A Chemotaxis Receptor Modulates Nodulation during the Azorhizobium caulinodans-Sesbania rostrata Symbiosis.

UNLABELLED: Azorhizobium caulinodans ORS571 is a free-living nitrogen-fixing bacterium which can induce nitrogen-fixing nodules both on the root and the stem of its legume host Sesbania rostrata This bacterium, which is an obligate aerobe that moves by means of a polar flagellum, possesses a single chemotaxis signal transduction pathway. The objective of this work was to examine the role that chemotaxis and aerotaxis play in the lifestyle of the bacterium in free-living and symbiotic conditions. In bacterial chemotaxis, chemoreceptors sense environmental changes and transmit this information to the chemotactic machinery to guide motile bacteria to preferred niches. Here, we characterized a chemoreceptor of A. caulinodans containing an N-terminal PAS domain, named IcpB. IcpB is a soluble heme-binding protein that localized at the cell poles.
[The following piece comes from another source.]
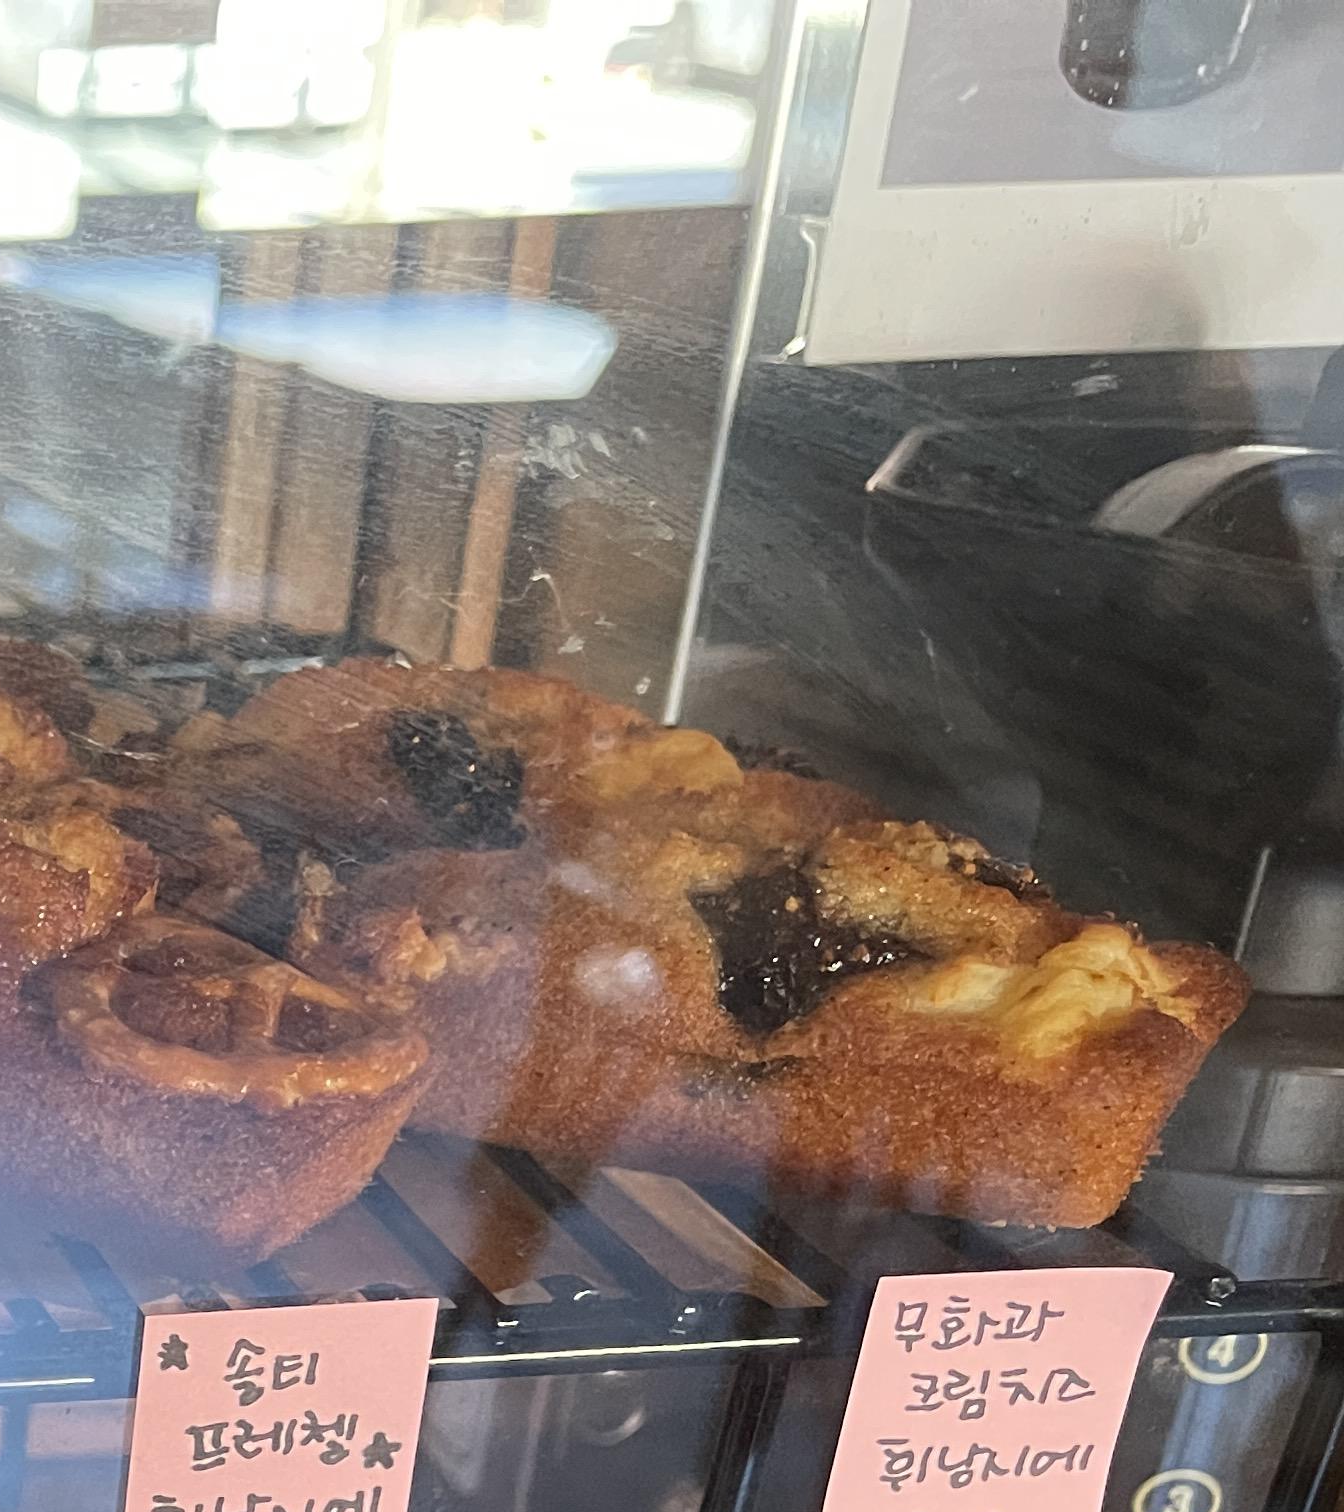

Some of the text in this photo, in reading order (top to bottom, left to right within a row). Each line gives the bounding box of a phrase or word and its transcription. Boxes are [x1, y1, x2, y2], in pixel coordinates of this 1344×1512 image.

An icpB mutant strain was impaired in sensing oxygen gradients and in chemotaxis response to organic acids. Compared to the wild-type strain, the icpB mutant strain was also affected in the production of extracellular polysaccharides and impaired in flocculation. When inoculated alone, the icpB mutant induced nodules on S. rostrata, but the nodules formed were smaller and had reduced N2-fixing activity. The icpB mutant failed to nodulate its host when inoculated competitively with the wild-type strain. Together, the results identify chemotaxis and sensing of oxygen by IcpB as key regulators of the A. caulinodans-S. rostrata symbiosis. IMPORTANCE: Bacterial chemotaxis has been implicated in the establishment of various plant-microbe associations, including that of rhizobial symbionts with their legume host. The exact signal(s) detected by the motile bacteria that guide them to their plant hosts remain poorly characterized. Azorhizobium caulinodans ORS571 is a diazotroph that is a motile and chemotactic rhizobial symbiont of Sesbania rostrata, where it forms nitrogen-fixing nodules on both the roots and the stems of the legume host. We identify here a chemotaxis receptor sensing oxygen in A. caulinodans that is critical for nodulation and nitrogen fixation on the stems and roots of S. rostrata These results identify oxygen sensing and chemotaxis as key regulators of the A. caulinodans-S. rostrata symbiosis.